揺らめく火影は ただひとときの

山田とり

1 捕縛


 森は静かだった。

 かすかに梢を揺らす風。地を這う虫の動かす落ち葉。そんなものまでユラの耳はとらえる。青垣のたたなづく山に谷をけずる水音が遠くこだましていた。

 ユラは森にひそむのも好きだ。ただの娘でいられるから。館にいるよりよほど落ち着く。


「――来た」


 低くつぶやいたのは、ユラの後ろに控えるナギリだった。大きな男がまったく気配を消している。

 ユラは小さくうなずくと立ち上がり、羽織っていた暗い茶色の衣を脱いだ。

 下に着ているのは早緑さみどりの衣と、薄黄の前掛け。長い黒髪は背の途中で無造作にゆるく結われている。


「じゃあ、行く」


 ざるを抱えれば山菜採りに来た村娘の出来上がりだ。脱いだ衣をナギリにひょいと渡し、ユラはきつめの軽口を叩いた。


「向こうは殺しにくるでしょうから、守ってね?」

「――命にかえても」


 ボソリと応えたナギリを振り向き、ユラは笑うのを我慢した。


「ナギリ」

「は」

「重い」


 今日の相手はそれほどではない、と思う。

 いたずらな瞳を忠実な従者に向けながら、ス、と片手を上げる。四方から同じく挙手が無言で返ってきた。みんな暗い衣で森にまぎれていて、手だけが白く目立つ。

 ユラは鼻歌でもうたうような足取りで山道に踏み出した。


 峠を越えてくるのは、久良岐くらきの国の者だという。

 最近あちこちの国に戦を仕掛け、くだしている久良岐。
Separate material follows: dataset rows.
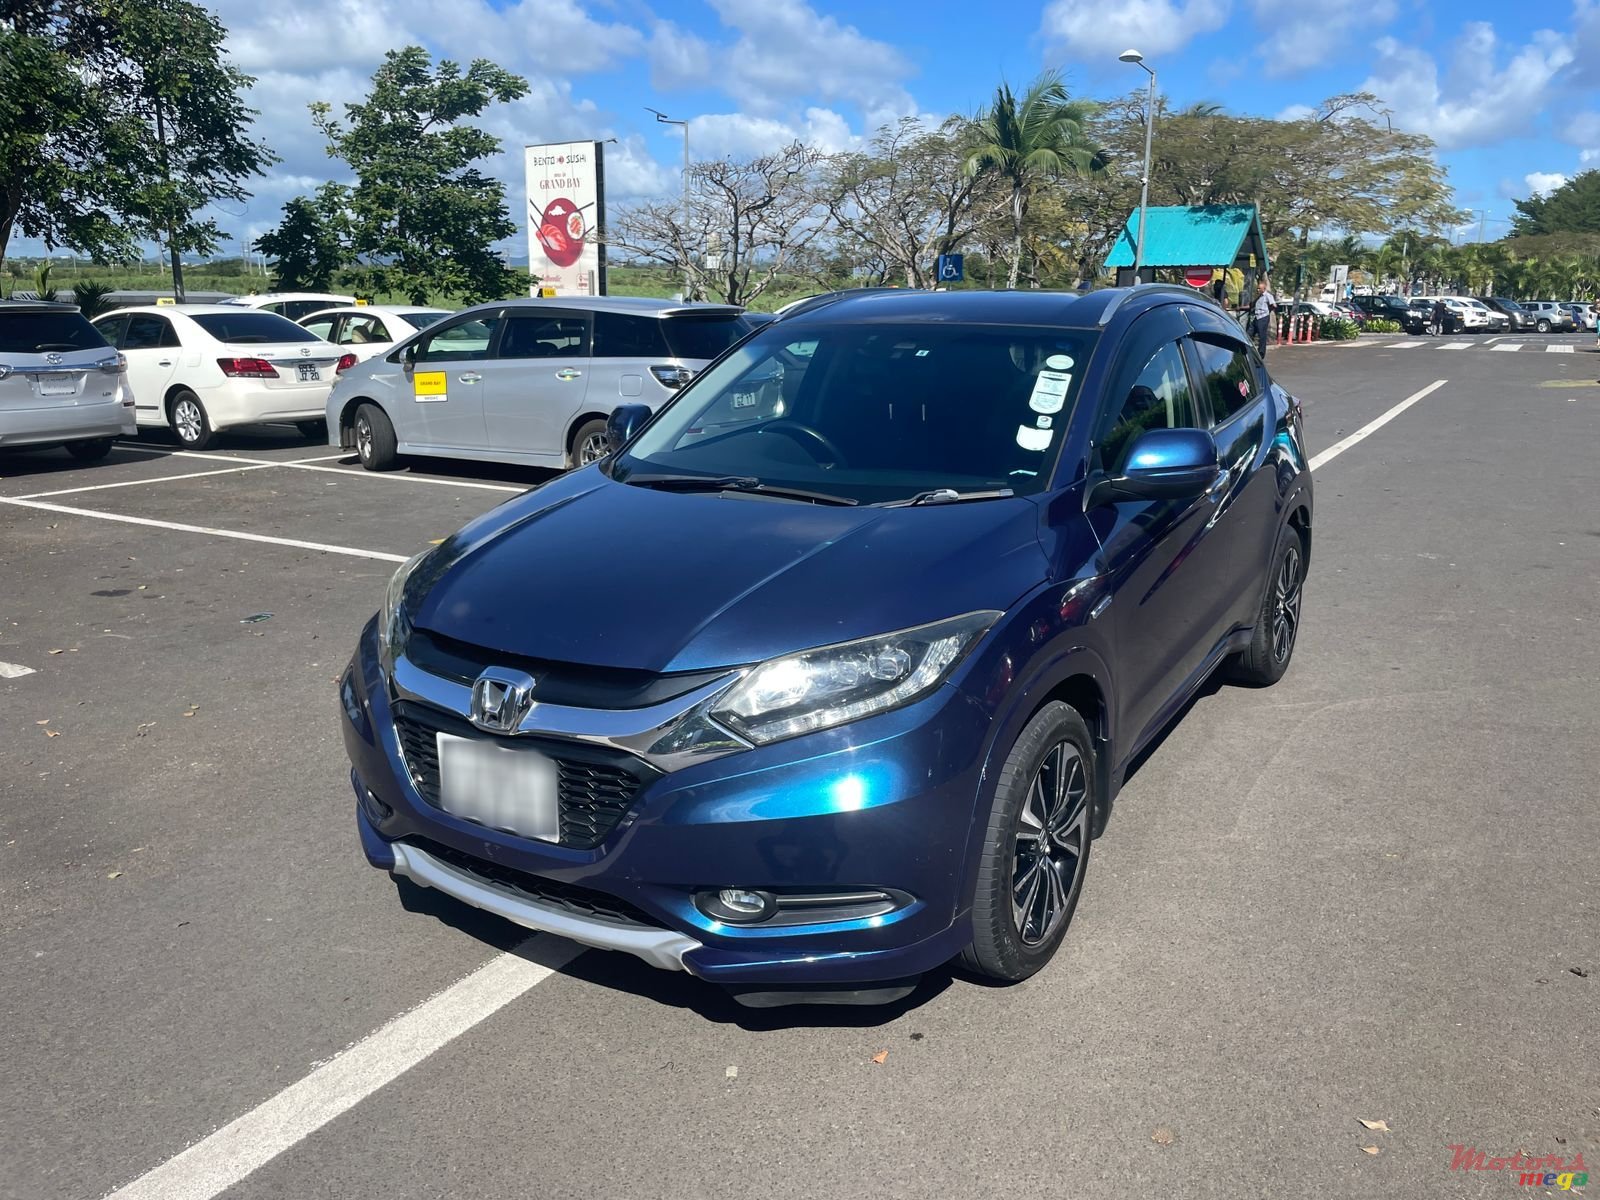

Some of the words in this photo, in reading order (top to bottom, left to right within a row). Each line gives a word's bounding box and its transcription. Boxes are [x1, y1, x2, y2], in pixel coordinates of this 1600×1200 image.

[533, 156, 555, 166] BENTO
[566, 154, 586, 164] SUSHI
[539, 178, 565, 190] GRAND
[566, 177, 580, 189] BAY
[310, 371, 320, 381] 20
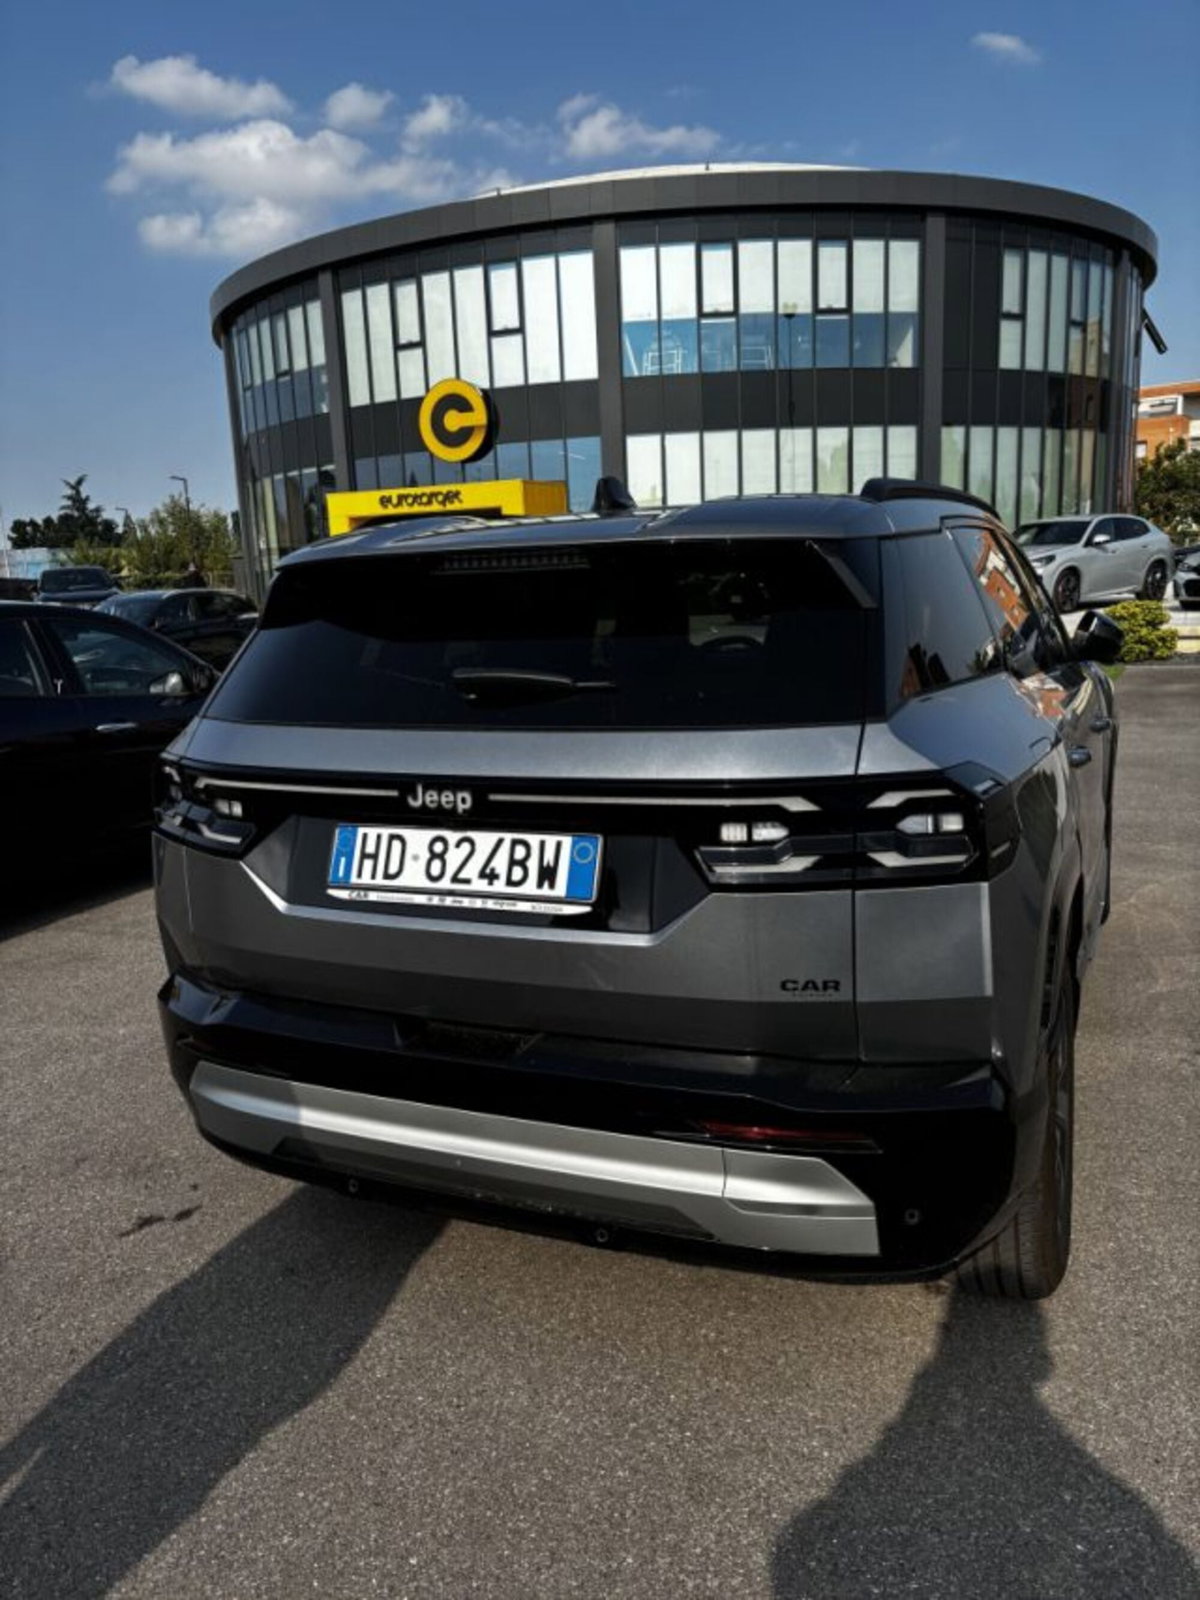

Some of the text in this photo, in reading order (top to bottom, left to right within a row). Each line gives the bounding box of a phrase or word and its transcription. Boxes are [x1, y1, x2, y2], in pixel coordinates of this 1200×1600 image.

この佐津さつの国にも斥候うかみを放ったというのは、戦を見据えてだろう。


 だがそれを知らせてきた山向こうの隣国も、すでに久良岐のもとに降っているのだった。彼らはもう久良岐の手先なのか。いまだ抵抗する者からの内通なのか。

 どちらにしても内容を頭から信じるわけにはいかず、探ってみれば本当に密かな一行は来た。ならば仕方ない。


 ――生け捕る。


 ユラはさくさくと足音を鳴らして歩いた。その音に相手が


 五人。

 ゆるやかに囲まれた。

 微笑みは絶やさない。

 端の一人に狙いを定める。


 ユラは山菜を探すふりで楽しげなまま、急に脇のやぶを分けた。そこにひそんでいた男が舌打ちし飛び出そうとする。
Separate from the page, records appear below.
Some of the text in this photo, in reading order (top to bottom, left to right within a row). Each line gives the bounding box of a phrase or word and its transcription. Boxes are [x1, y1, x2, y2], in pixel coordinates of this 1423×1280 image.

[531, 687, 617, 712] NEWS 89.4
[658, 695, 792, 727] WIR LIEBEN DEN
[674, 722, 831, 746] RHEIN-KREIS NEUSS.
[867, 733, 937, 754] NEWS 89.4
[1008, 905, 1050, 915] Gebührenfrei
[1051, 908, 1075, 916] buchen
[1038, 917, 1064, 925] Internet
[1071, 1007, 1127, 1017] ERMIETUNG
 それより早く、大きな悲鳴をユラは駆けだした。笊と山菜が山道に落ちた。


「逃がすな!」


 男たちの硬い声が追う。


 ――うん、逃げないけど?


 戻っているだけだ。侵入者を案内して。

 〈蜘蛛の巣〉に向かって。


 山に慣れたユラは軽やかに走った。そして。


「ぐあっ――!」

「うおっ?」


 いきなり足を取られた男らの悲鳴が響いた。

 つるを編んだ網が落ち葉の下に仕掛けられていて彼らをまとめて包み吊るし上げたのだ。


「ひとり!」


 ユラが鋭く指示するとナギリが飛び出す。

 網の中に四人しかいない。途中遅れ気味の奴がいると思ったら、仕掛けの手前で踏みとどまり逃げていった。勘づかれていたか。


「くそっ――」


 網に吊られたまま若い男がもがいた。この網は揺れると締まるように編まれている。ユラは親切心で言った。


「苦しくなるからやめた方がいい」


 若者は憎々し気に見下ろしてきた。だが捕らわれたままで格好がつかない。

 身なりの良い若者だ。きっとそれなりの身分――彼をために、佐津を使おうとしたのだろうか。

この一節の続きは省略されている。